» Source records
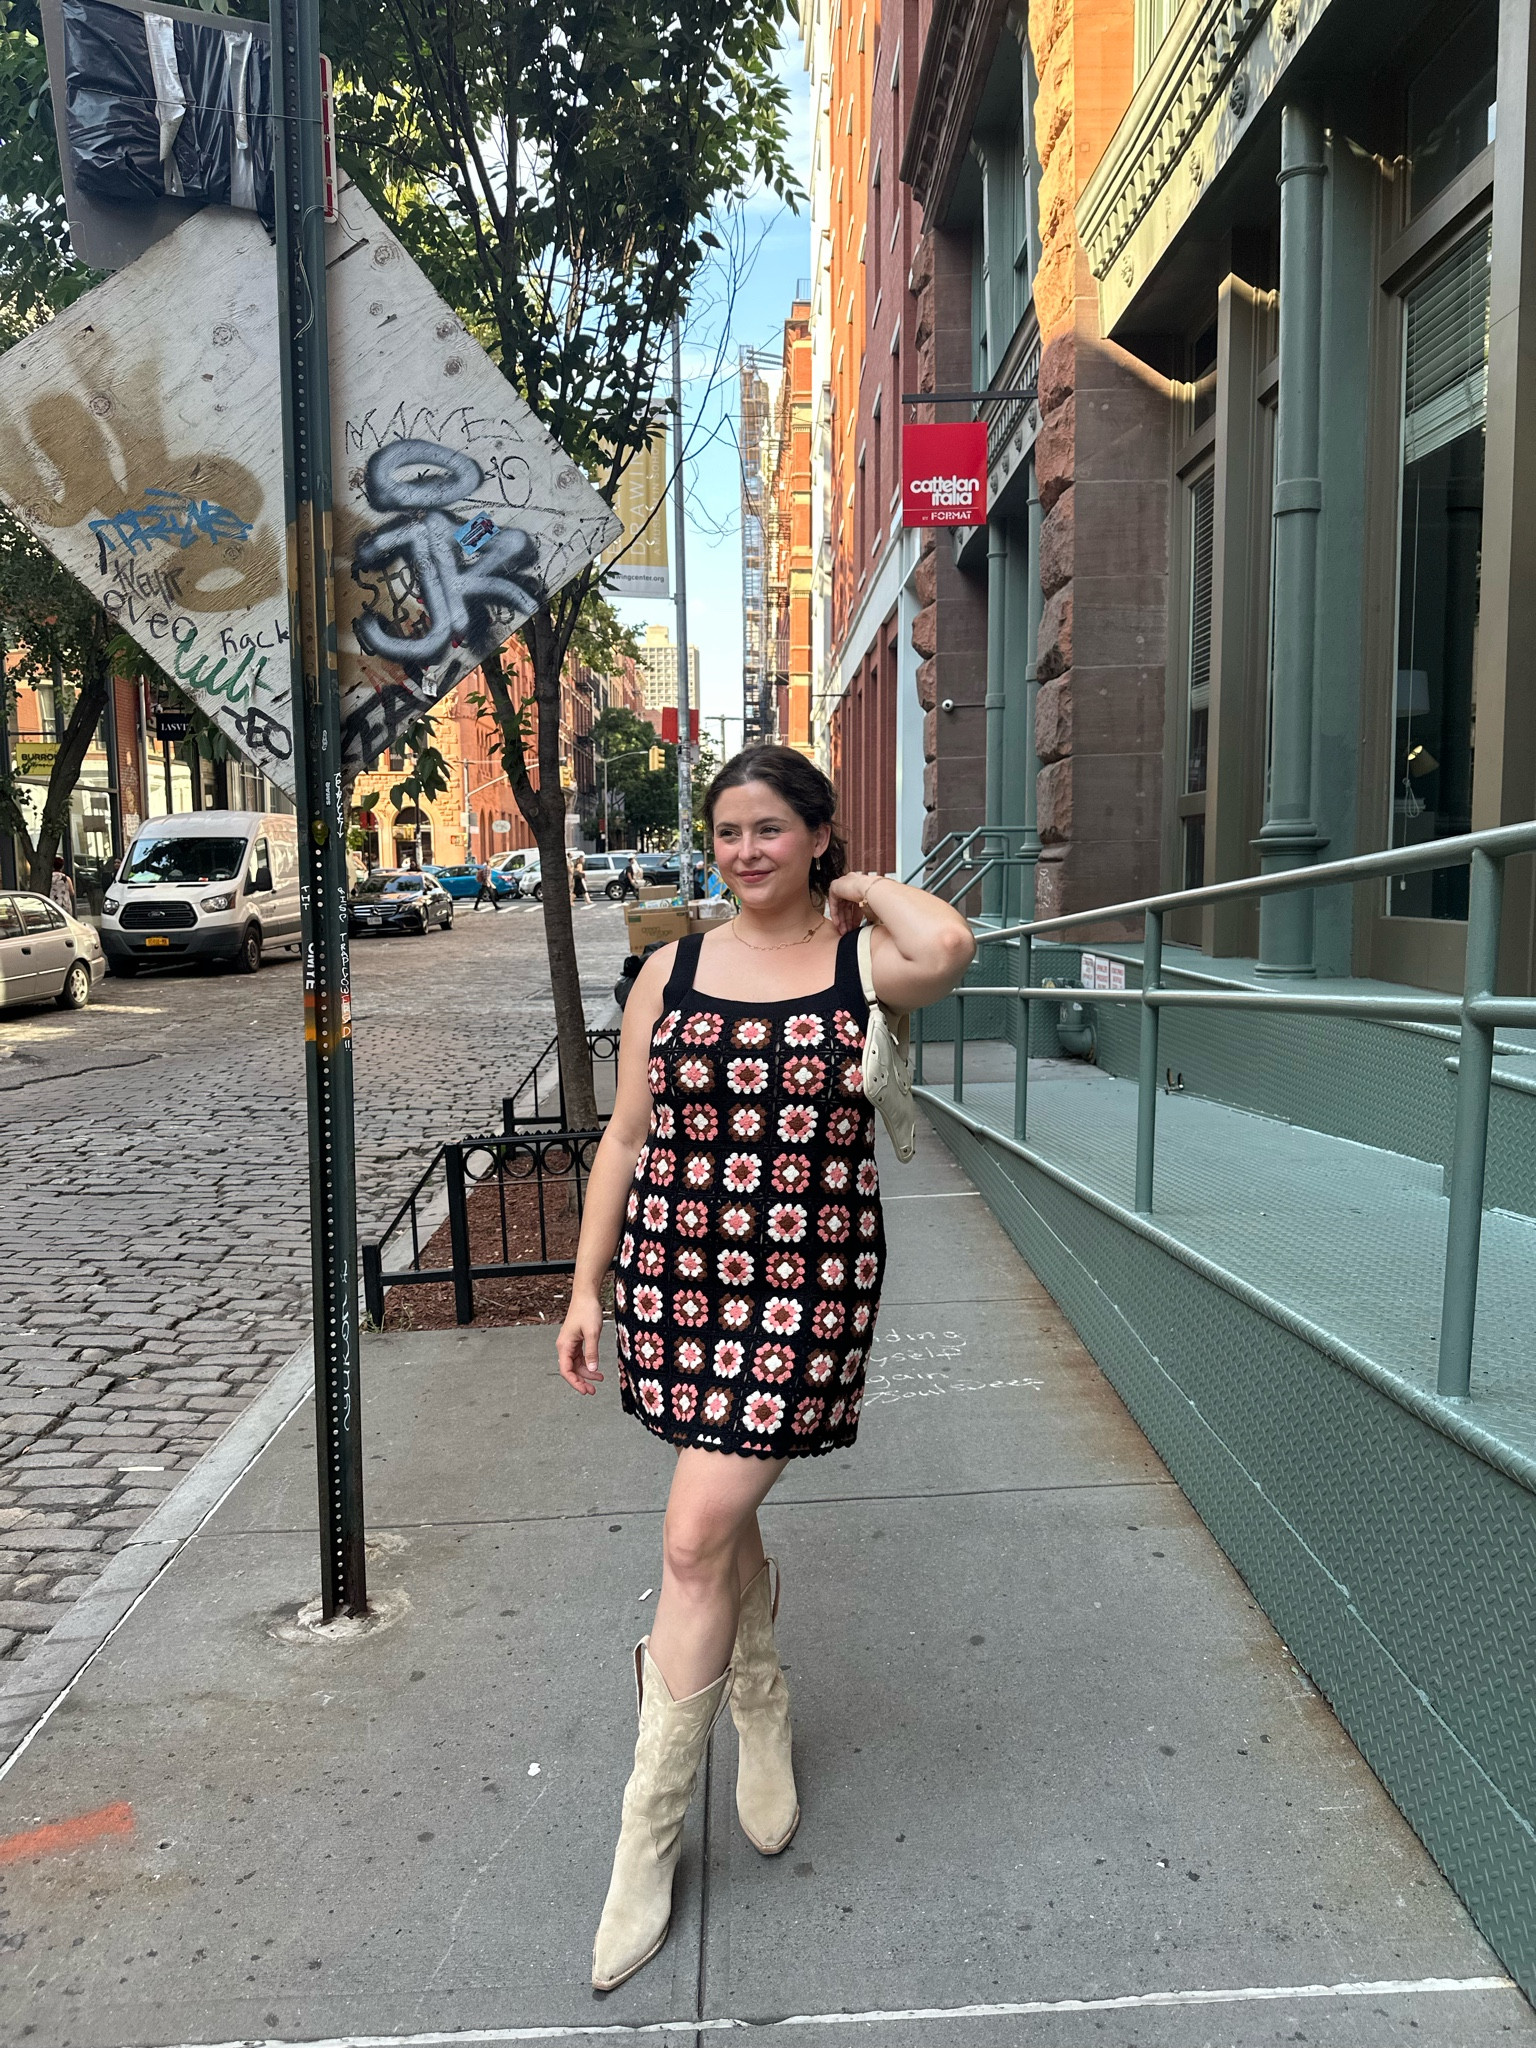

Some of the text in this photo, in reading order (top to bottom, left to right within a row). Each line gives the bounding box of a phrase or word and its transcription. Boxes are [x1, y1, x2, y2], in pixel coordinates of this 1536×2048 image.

[651, 448, 660, 480] SOHO
[910, 475, 980, 494] cattelan
[631, 451, 646, 556] DRAWIN
[931, 490, 973, 506] italia
[652, 497, 661, 547] MUSEM
[931, 511, 972, 521] FORMAT
[653, 548, 661, 556] A
[613, 574, 665, 583] wingcenter.org
[161, 723, 190, 731] LASVI
[21, 753, 57, 761] BURRO
[869, 1346, 963, 1368] yself
[864, 1372, 950, 1390] gain

» What you should do
The answer must be the full set of records, repeated exactly, with no pictures.

» Exercise solution
Some of the text in this photo, in reading order (top to bottom, left to right within a row). Each line gives the bounding box of a phrase or word and its transcription. Boxes are [x1, y1, x2, y2], in pixel coordinates of this 1536×2048 image.

[651, 448, 660, 480] SOHO
[910, 475, 980, 494] cattelan
[631, 451, 646, 556] DRAWIN
[931, 490, 973, 506] italia
[652, 497, 661, 547] MUSEM
[931, 511, 972, 521] FORMAT
[653, 548, 661, 556] A
[613, 574, 665, 583] wingcenter.org
[161, 723, 190, 731] LASVI
[21, 753, 57, 761] BURRO
[869, 1346, 963, 1368] yself
[864, 1372, 950, 1390] gain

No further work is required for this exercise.